[Opening Data for analysis section]
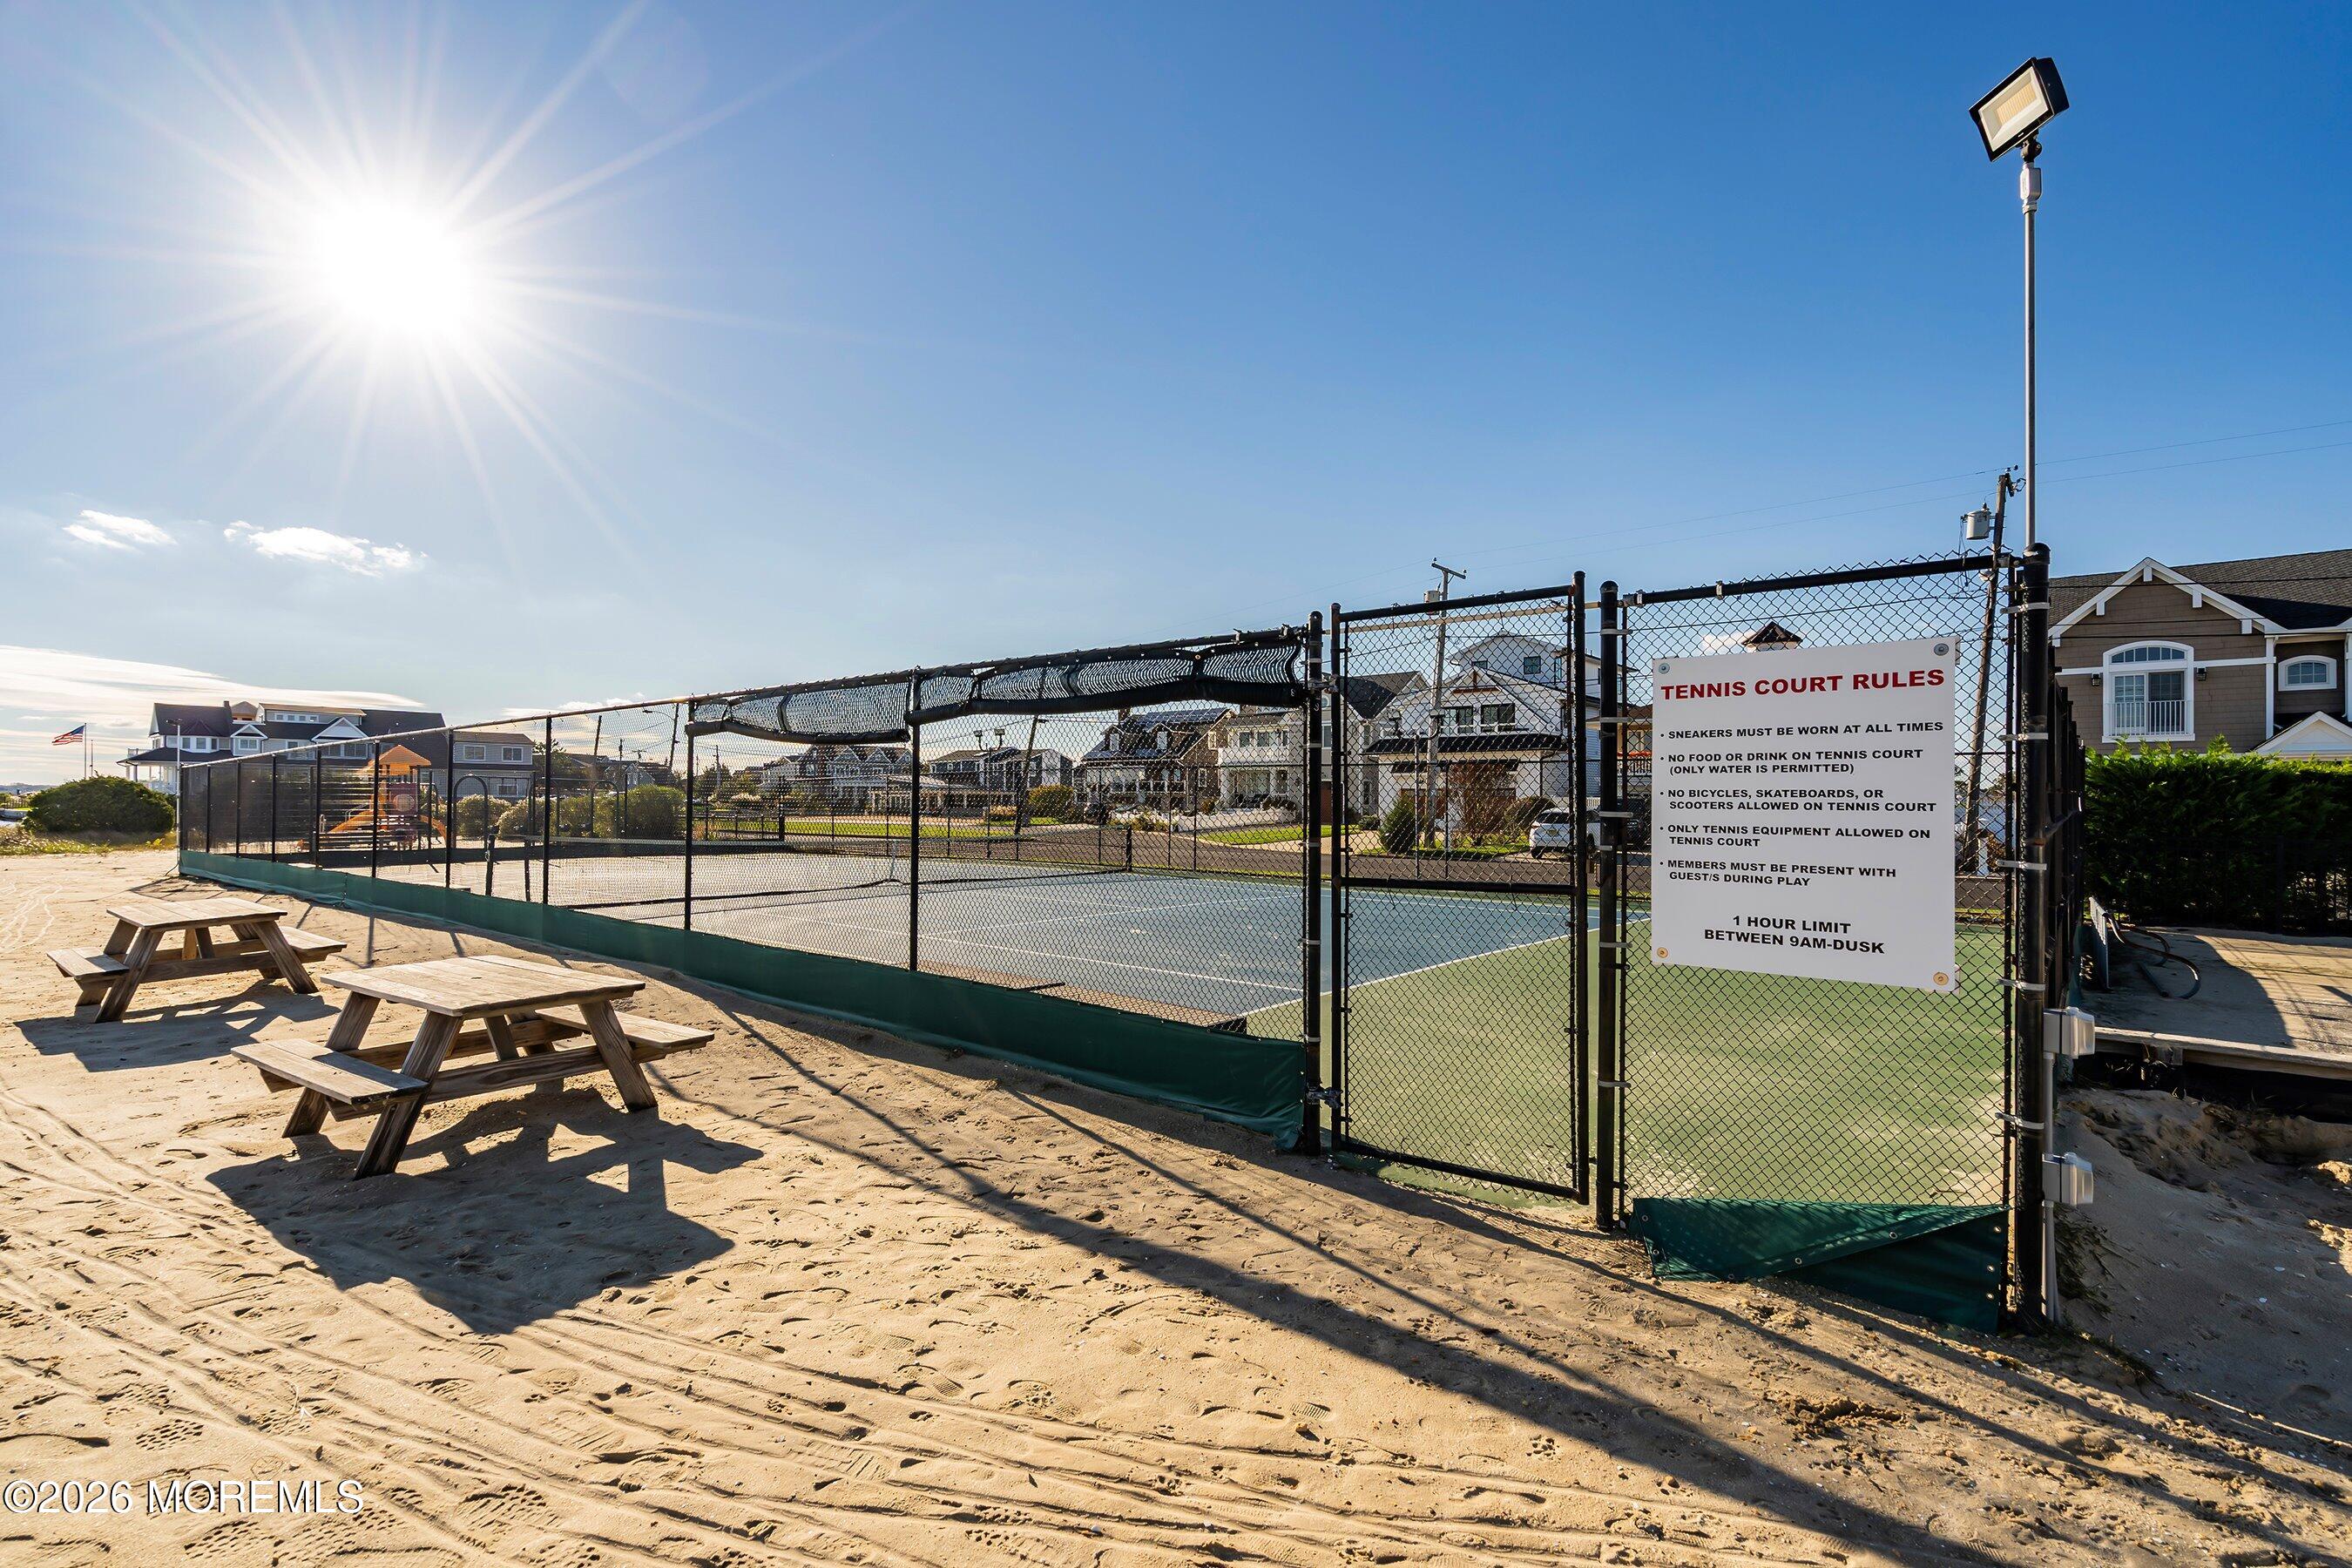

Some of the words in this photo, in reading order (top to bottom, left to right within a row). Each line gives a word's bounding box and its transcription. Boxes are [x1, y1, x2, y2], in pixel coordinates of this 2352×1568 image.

[1660, 680, 1747, 700] TENNIS
[1754, 675, 1843, 695] COURT
[1852, 669, 1945, 691] RULES
[1668, 728, 1733, 740] SNEAKERS
[1736, 727, 1773, 737] MUST
[1776, 727, 1794, 736] BE
[1797, 725, 1839, 735] WORN
[1842, 724, 1862, 734] AT
[1864, 723, 1893, 733] ALL
[1896, 721, 1943, 733] TIMES
[1668, 754, 1686, 762] NO
[1688, 753, 1722, 762] FOOD
[1725, 753, 1743, 761] OR
[1747, 752, 1788, 761] DRINK
[1791, 751, 1811, 760] ON
[1815, 750, 1868, 760] TENNIS
[1871, 748, 1924, 760] COURT
[1669, 765, 1706, 776] (ONLY
[1708, 765, 1752, 774] WATER
[1755, 764, 1768, 774] IS
[1772, 763, 1855, 774] PERMITTED)
[1667, 789, 1685, 798] NO
[1688, 789, 1752, 800] BICYCLES,
[1755, 788, 1859, 801] SKATEBOARDS,
[1863, 789, 1884, 799] OR
[1669, 801, 1734, 810] SCOOTERS
[1737, 801, 1800, 811] ALLOWED
[1803, 801, 1823, 811] ON
[1827, 801, 1880, 812] TENNIS
[1884, 802, 1937, 812] COURT
[1667, 824, 1700, 834] ONLY
[1702, 825, 1748, 835] TENNIS
[1752, 826, 1831, 836] EQUIPMENT
[1835, 828, 1904, 838] ALLOWED
[1908, 828, 1930, 839] ON
[1668, 836, 1713, 846] TENNIS
[1717, 837, 1761, 847] COURT
[1667, 859, 1727, 870] MEMBERS
[1730, 862, 1767, 872] MUST
[1770, 863, 1788, 873] BE
[1791, 864, 1855, 875] PRESENT
[1858, 867, 1896, 878] WITH
[1669, 871, 1720, 882] GUEST/S
[1723, 874, 1774, 885] DURING
[1777, 876, 1811, 887] PLAY
[1733, 915, 1740, 926] 1
[1747, 916, 1796, 930] HOUR
[1801, 920, 1852, 935] LIMIT
[1704, 929, 1784, 946] BETWEEN
[1789, 936, 1885, 955] 9AM-DUSK
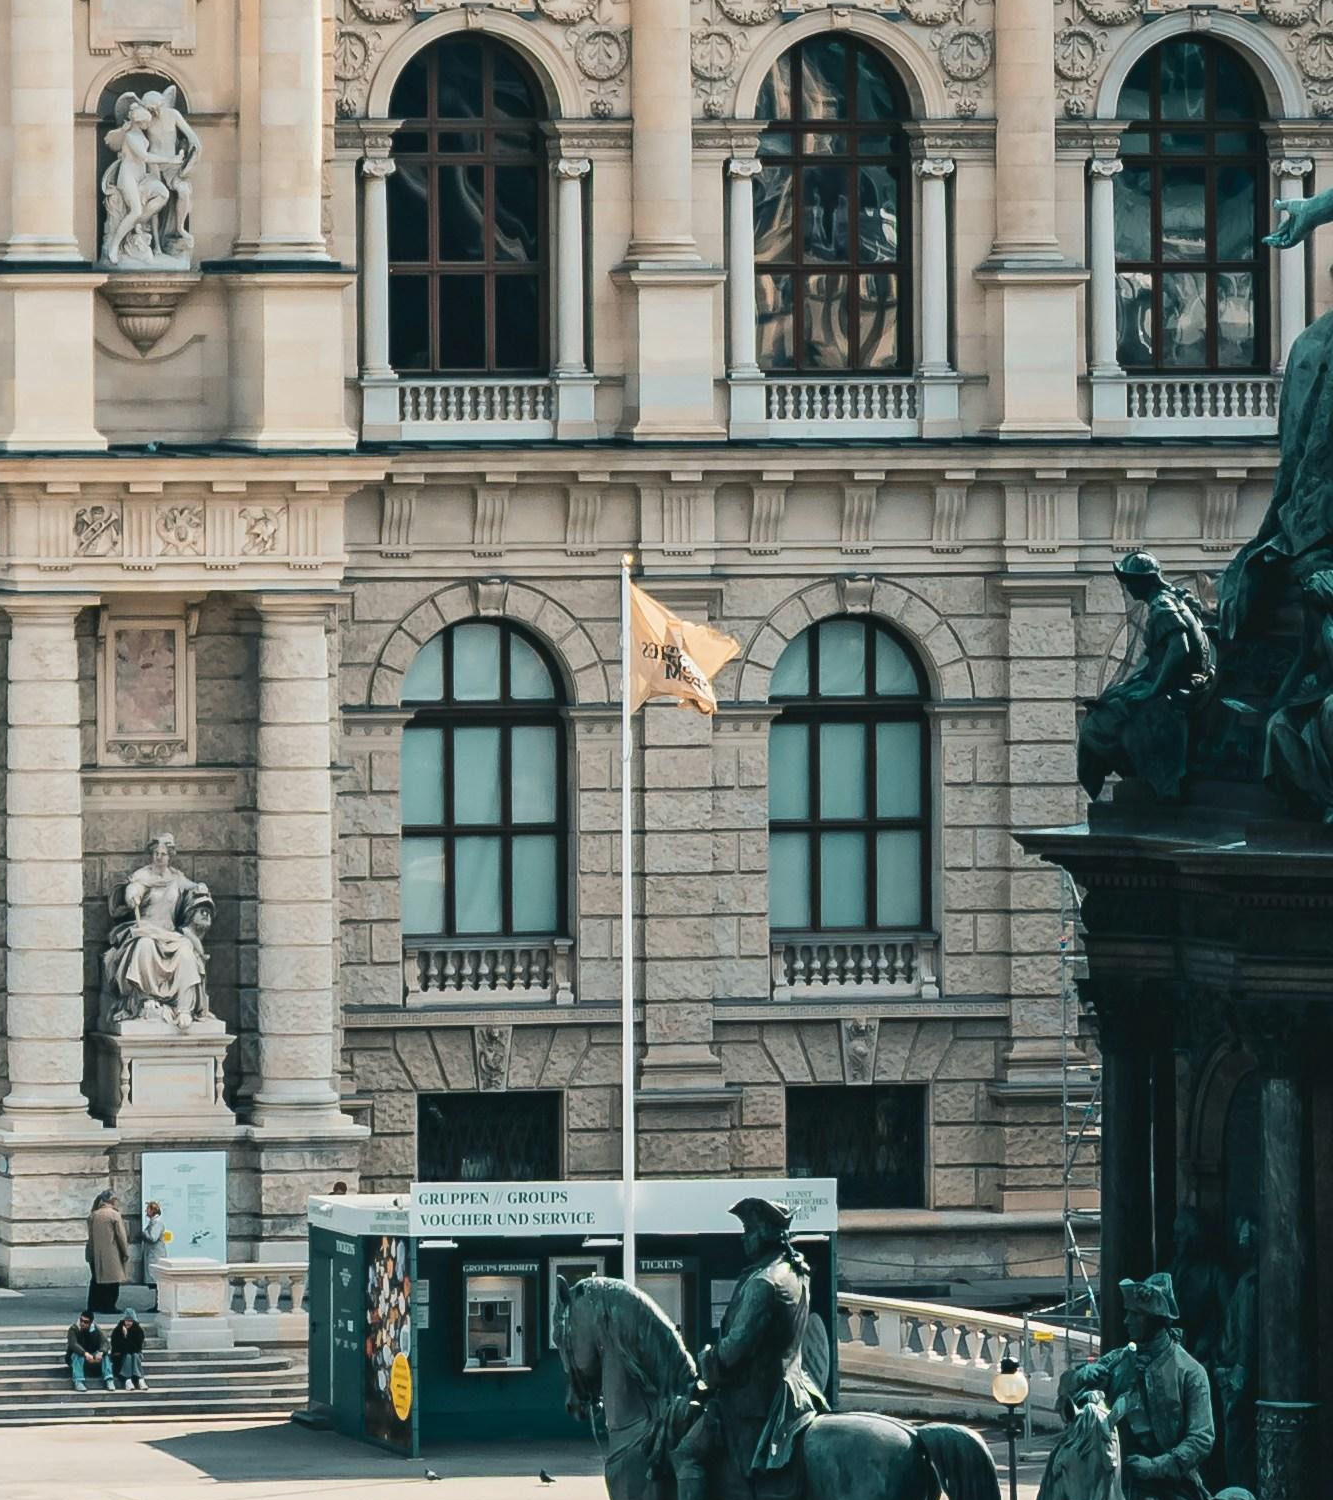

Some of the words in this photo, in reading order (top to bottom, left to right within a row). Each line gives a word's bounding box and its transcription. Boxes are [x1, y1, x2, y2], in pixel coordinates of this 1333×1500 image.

[418, 1192, 489, 1206] GRUPPEN
[507, 1191, 569, 1205] GROUPS
[420, 1212, 493, 1227] VOUCHER
[497, 1212, 529, 1226] UND
[532, 1211, 595, 1226] SERVICE
[462, 1264, 497, 1273] GROUPS
[640, 1260, 684, 1270] TICKETS
[Closing Data for analysis section]
Output exactly the lines from the one with "this 1333×1500 image." through the final line of the listing above.

Some of the words in this photo, in reading order (top to bottom, left to right within a row). Each line gives a word's bounding box and its transcription. Boxes are [x1, y1, x2, y2], in pixel coordinates of this 1333×1500 image.

[418, 1192, 489, 1206] GRUPPEN
[507, 1191, 569, 1205] GROUPS
[420, 1212, 493, 1227] VOUCHER
[497, 1212, 529, 1226] UND
[532, 1211, 595, 1226] SERVICE
[462, 1264, 497, 1273] GROUPS
[640, 1260, 684, 1270] TICKETS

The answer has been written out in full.